In this work, this finding is established on high-resolution synchrotron-radiation-based photoemission (SR-PES) experiments, scanning tunneling microscopy (STM) observations and low energy electron diffraction (LEED).

Results

Synthesis and electronic properties of few layer germanene

We grow in situ epitaxial few layer germanene under ultra-high vacuum conditions by evaporating germanium at a typical rate of 1 monolayer per 30 minutes onto a clean Au(111) surface at ~200 °C and annealed it for 10 minutes at ~250 °C. The growth is followed by STM imaging at RT, low energy electron diffraction (LEED) and detailed core-level spectroscopy analysis using tunable synchrotron radiation light.

The electronic structure is obtained through high-resolution (kx, ky) mapping of the valence bands at low temperature (~15 K) at different energy depths below the Fermi level and cross-sectional vertical cuts, which unambiguously evidence the presence of Dirac cones for few layer germanene.

Growth morphology and epitaxial relationship

Past the initial formation of the first 2D monolayer, which presents several co-existing phases8, we observe in STM imaging at RT in Marseille, France, large flat terraces extending over several tens on nanometers, separated by steps all about 3.2 Å in height, markedly different from the 2.4 Å height of Au(111) steps, but close to the 3.25 Å step height on Ge(111) surfaces, as shown in Fig. 1 for deposition of about 3 or 4 equivalent monolayers (panels (a) and (b)).

Figure 1
figure 1

Growth aspects and ball model of few layer germanene.

(a) Large scale STM image (tunneling current It = 0.982 nA; sample bias Vs = −0.98 V) showing different flat terraces. (b) Profile (black line in (a)) showing step heights of ~3.2 Å. (c) Higher resolution STM topograph (It = 0.775 nA; Vs = −1.1 V) showing large protrusions arranged in a distorted hexagonal arrangement (image as acquired: no drift correction). (d) Profiles along the white continuous and dashed lines in (c) showing a ~9–10 Å separation between protrusions having heights of just ~0.2 Å. (e) Corresponding LEED pattern recorded at 50 eV primary energy (integer order spots are the strong ones at the periphery) superposed with a 8 × 8 grid. (f) Top view ball model of epitaxial few monolayer germanene on the Au(111) substrate. For clarity only one germanene layer on top of one Au(111) unreconstructed layer are displayed; the epitaxy is such that a 3√3 × 3√3 reconstructed germanene cell coincides with a 8 × 8 supercell (in blue) of Au(111) with the germanene armchair edges aligned along the dense gold rows.
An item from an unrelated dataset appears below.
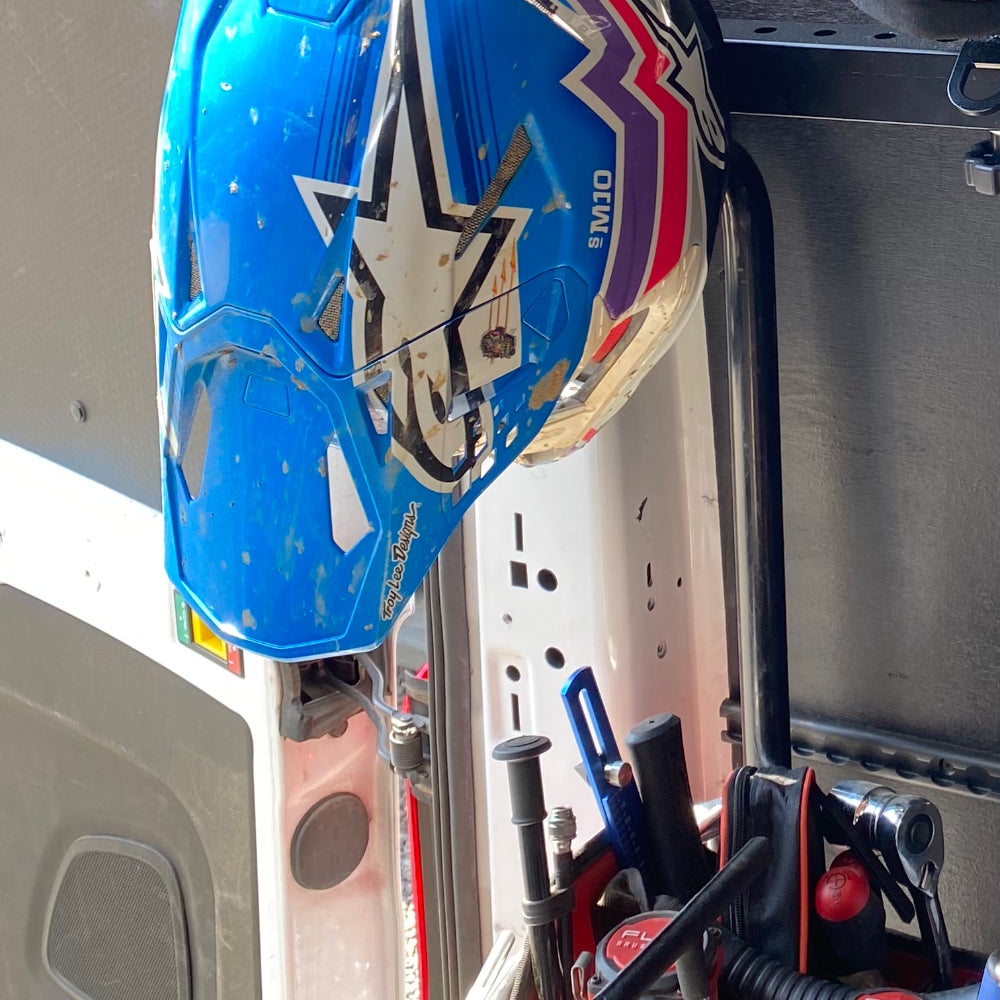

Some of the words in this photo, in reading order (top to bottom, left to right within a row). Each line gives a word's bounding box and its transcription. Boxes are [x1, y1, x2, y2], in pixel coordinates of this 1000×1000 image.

As in all previous studies where silicene forms corrugated reconstructions on metal substrates, but never a primitive 1 × 1 free standing like structure26 because of its adaptability linked to the intrinsic buckling, the same being true for monolayer germanene, real atomic resolution could not be achieved. We just observed on those extended terraces large protrusions with ~9–10 Å separations, making it difficult to assign a definite surface cell, but typically just ~0.2 Å in height, as seen in panels (c) and (d). They are seemingly arranged in a distorted hexagonal arrangement since directly acquired STM images are presented without correction for the drift. Indeed, this does not provide any detailed structural information. However, sharp LEED patterns, as displayed in panels (e), with dominating one-eighth order diffraction spots, point essentially to a 8 × 8 supercell with respect to Au(111). Such a large superstructure precludes the formation of a germanium (111) thin film wetted by a gold monolayer, following a surfactant effect27, since in such a case just a Ge(111)√3 × √3R(30°)-Au reconstruction28 (or 4/√3 × 4/√3 with respect to Au(111), as for multilayer silicene on Ag(111)29) would be observed.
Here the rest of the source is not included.